Par l’Agence Média Palestine, 23 avril 2025
Une délégation de 27 élue.s et parlementaires français.es qui avaient prévu de se rendre en Israël et dans les territoires palestiniens occupés a été interdite d’entrer par le gouvernement israélien 48H avant leur départ.

Photo: Agence Média Palestine
Lors d’une conférence de presse organisée le 22 avril au CICP à Paris, ils ont dénoncé l’arbitraire de cette décision et le silence du gouvernement français qui perdure jusqu’à ce jour malgré leur interpellation.
Cette délégation qui répondait à l’invitation du Consulat français à Jérusalem était organisée par l’AJPF, l’Association de jumelage entre des villes françaises et des camps de réfugiés Palestiniens.
L’ambassade d’Israël en France, dans un communiqué ci-dessous en date du 21 avril a affirmé à tort que la délégation était à l’initiative de l’AFPS, Association France Palestine Solidarité, principale association de solidarité avec le peuple palestinien en France, a déclaré pour commenter cette décision arbitraire « qu’Israël agit dans le cadre de ses droits, en vertu du droit local et international » (…)

Il y a quelques semaines, c’était une délégation de l’Union européenne composée notamment de la député irlandaise du Sinn Féin Lynn Boylan et la député LFI Rima Hassan qui avaient également été interdite d’entrée, alors même que la mission avait été validée par le ministère des affaires étrangères.

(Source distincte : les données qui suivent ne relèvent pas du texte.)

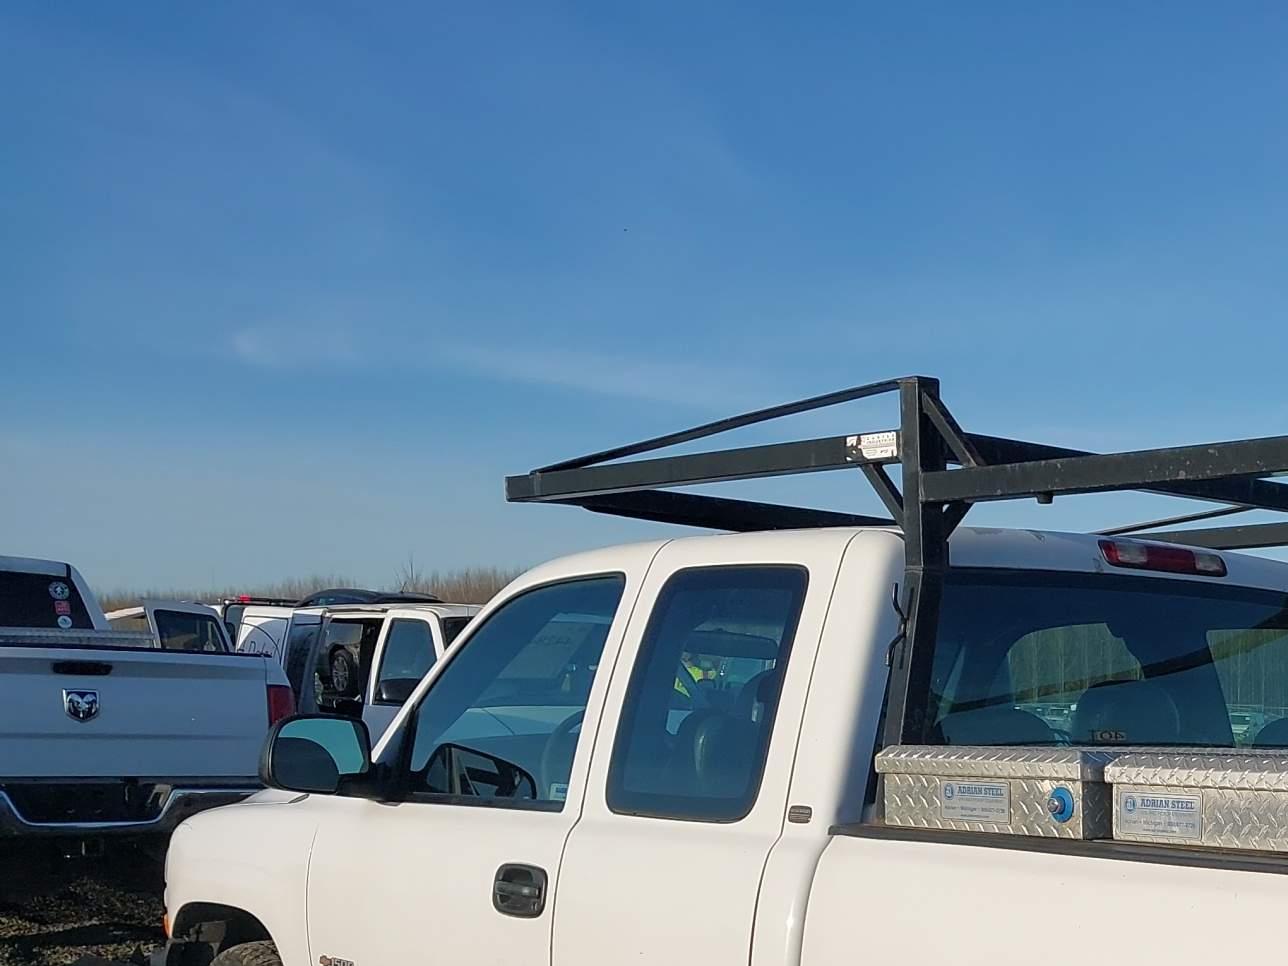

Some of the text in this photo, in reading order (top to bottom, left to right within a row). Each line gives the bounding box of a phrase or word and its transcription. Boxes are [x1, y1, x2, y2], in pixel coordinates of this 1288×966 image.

Charlotte Blandiot-Faride, maire de Mitry-Mory (77) et présidente de l’AJPF, s’est interrogée sur le silence des autorités françaises 5 jours après l’interdiction par le gouvernement israélien :
« C’est l’État français qui est humilié, nous demandons que la présidence de la république prenne des mesures, sinon des sanctions », commente l’élue.
« Le gouvernement israélien refuse notre entrée parce que nous aurions été les témoins du droit international qu’ils sont en train de bafouer ». A partir du moment où le droit international est piétiné, il l’est pour nous tous et pour notre avenir. »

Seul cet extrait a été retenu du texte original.